◆ Dataset extract
——————————
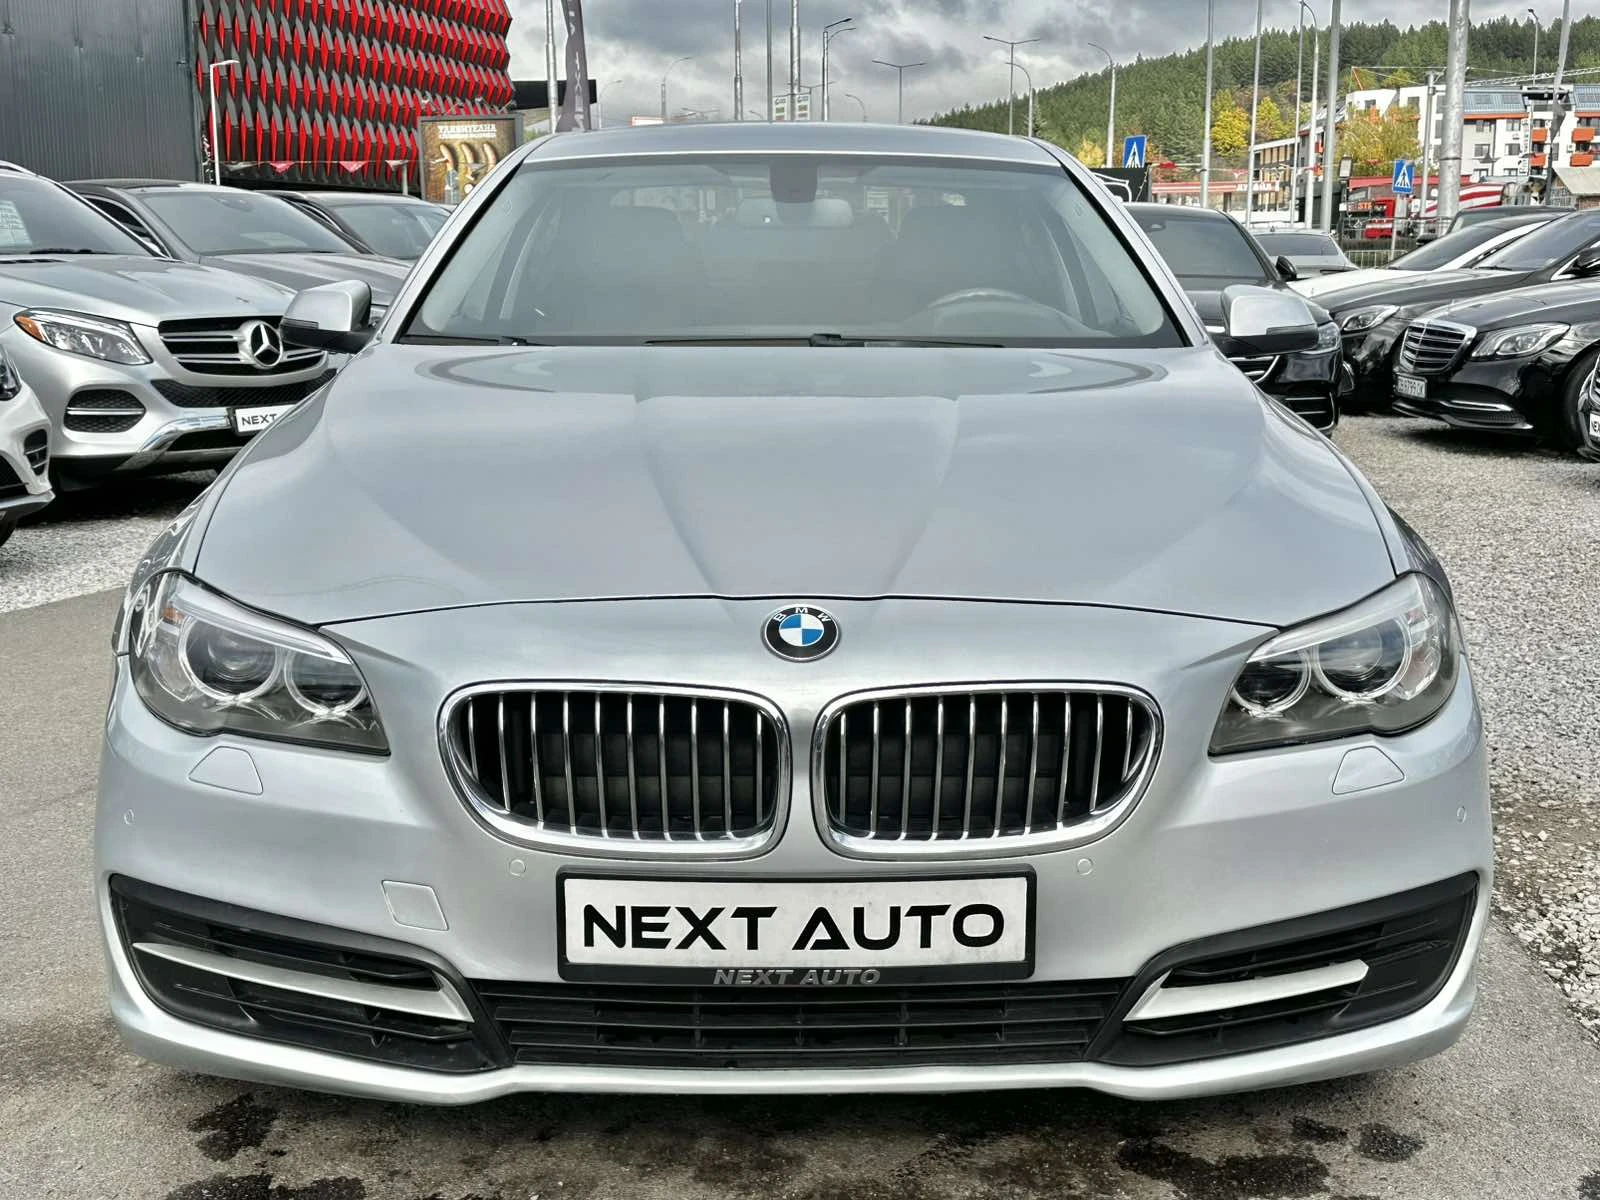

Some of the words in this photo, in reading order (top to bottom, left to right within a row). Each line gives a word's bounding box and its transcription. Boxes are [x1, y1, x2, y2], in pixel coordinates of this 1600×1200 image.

[241, 413, 277, 426] NEXT
[773, 607, 832, 622] BMW
[583, 903, 778, 950] NEXT
[792, 903, 1005, 950] AUTO
[713, 969, 794, 985] NEXT
[799, 969, 881, 985] AUTO
——————————
Only an exact copy of the records, free of images, belongs in the answer.

Some of the words in this photo, in reading order (top to bottom, left to right within a row). Each line gives a word's bounding box and its transcription. Boxes are [x1, y1, x2, y2], in pixel coordinates of this 1600×1200 image.

[241, 413, 277, 426] NEXT
[773, 607, 832, 622] BMW
[583, 903, 778, 950] NEXT
[792, 903, 1005, 950] AUTO
[713, 969, 794, 985] NEXT
[799, 969, 881, 985] AUTO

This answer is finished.